• [Activity]: Repeat the data as given. Images do not go in the copy.

[Stored data entries]
=== Section Start ===
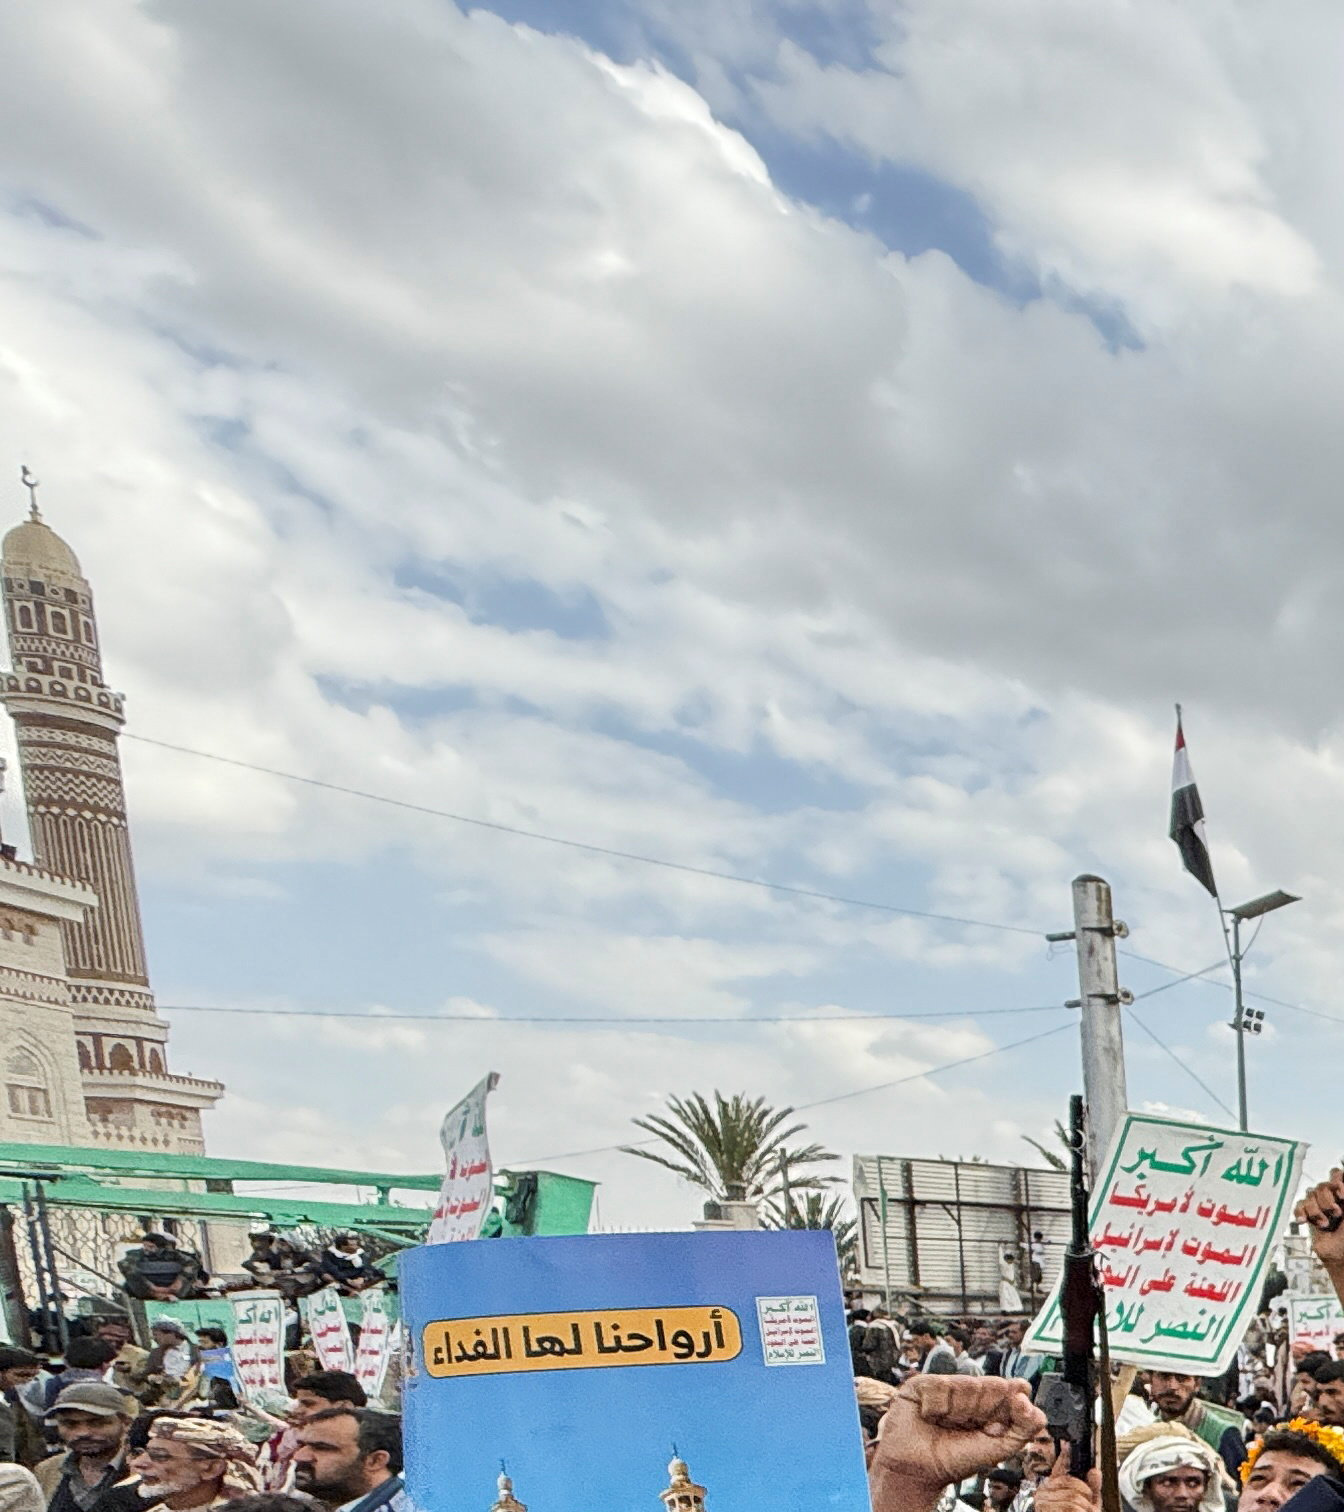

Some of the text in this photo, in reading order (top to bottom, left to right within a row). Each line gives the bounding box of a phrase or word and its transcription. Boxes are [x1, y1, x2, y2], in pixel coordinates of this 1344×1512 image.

[1120, 1134, 1284, 1188] الله أكبر
[1197, 1199, 1271, 1230] الموت
[1181, 1236, 1257, 1268] الموت
[1139, 1267, 1177, 1296] على
[1183, 1272, 1243, 1304] اللعنة
[522, 1323, 583, 1359] لها
[594, 1308, 726, 1359] أرواحنا
[1140, 1308, 1226, 1344] النصر
[432, 1326, 513, 1365] الفداء
=== Section End ===
• [Exercise response]:
Some of the text in this photo, in reading order (top to bottom, left to right within a row). Each line gives the bounding box of a phrase or word and its transcription. Boxes are [x1, y1, x2, y2], in pixel coordinates of this 1344×1512 image.

[1120, 1134, 1284, 1188] الله أكبر
[1197, 1199, 1271, 1230] الموت
[1181, 1236, 1257, 1268] الموت
[1139, 1267, 1177, 1296] على
[1183, 1272, 1243, 1304] اللعنة
[522, 1323, 583, 1359] لها
[594, 1308, 726, 1359] أرواحنا
[1140, 1308, 1226, 1344] النصر
[432, 1326, 513, 1365] الفداء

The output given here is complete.